Our culture is a scientific one, defining what is natural and what is rational. Its values can be seen in what are sought out as facts and made as artefacts, what are designed as processes and products, and what are forged as weapons and filmed as wonders. In our daily experience, power is exercised through expertise, e.g. in science, technology and medicine. Science as Culture explores how all these shape the values which contend for influence over the wider society.
Science mediates our cultural experience. It increasingly defines what it is to be a person, through genetics, medicine and information technology. Its values get embodied and naturalized in concepts, techniques, research priorities, gadgets and advertising. Many films, artworks and novels express popular concerns about these developments.
In a society where icons of progress are drawn from science, technology and medicine, they are either celebrated or demonised. Often their progress is feared as ’unnatural’, while their critics are labelled ’irrational’. Public concerns are rebuffed by ostensibly value-neutral experts and positivist polemics.

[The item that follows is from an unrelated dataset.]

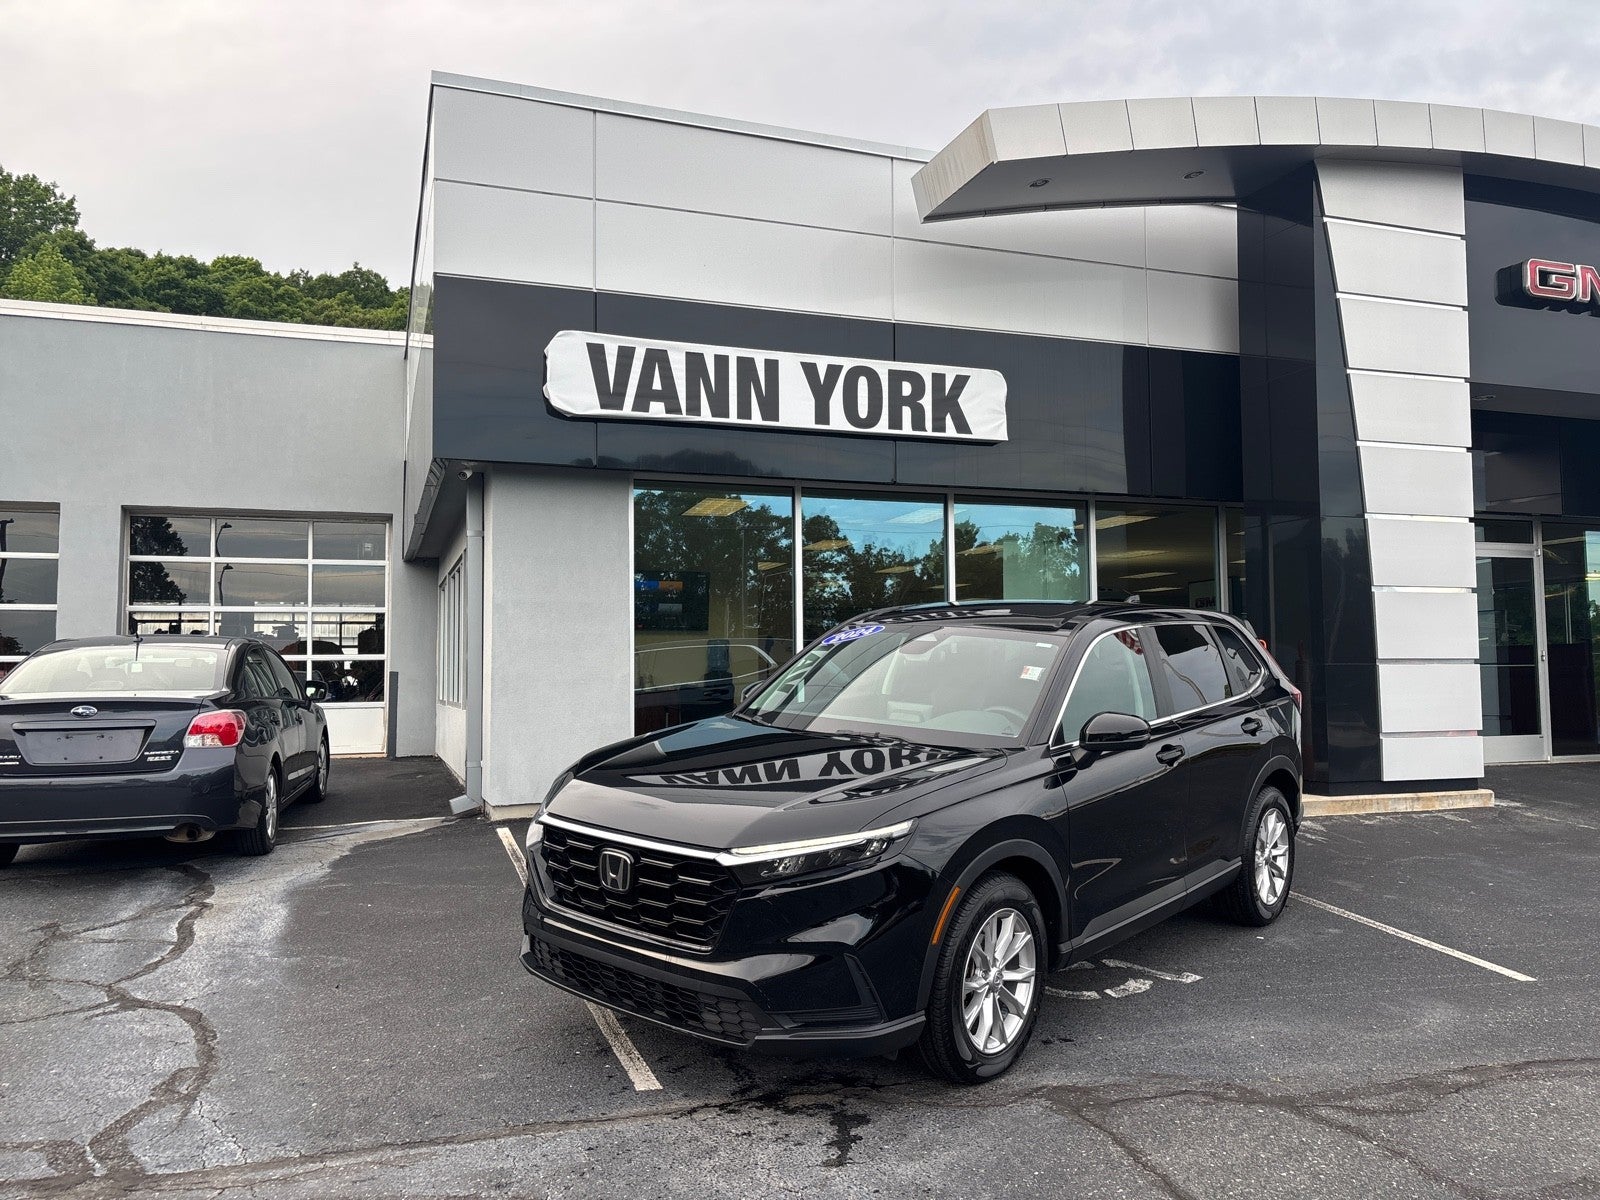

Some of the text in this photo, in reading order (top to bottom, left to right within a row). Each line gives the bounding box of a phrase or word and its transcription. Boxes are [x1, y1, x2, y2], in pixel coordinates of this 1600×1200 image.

[586, 342, 973, 435] VANN YORK
[834, 626, 873, 641] 2024

Yet the culture of science is open to study like any other culture. Cultural studies analyses the role of expertise throughout society. Many journals address the history, philosophy and social studies of science, its popularisation, and the public understanding of society.
Amidst these journals, Science as Culture is ’the only source of critique of the way science is going’, as one of our readers put it. Not simply criticism, critique analyses the underlying frameworks, assumptions and terms of reference. It emphasizes the fundamental role of values, interests, ideology and purposes -- which would otherwise remain hidden in the guise of neutrality and objectivity. Science as Culture places science within the wider debate on the values which constitute culture; it is not the journal for a particular academic discipline.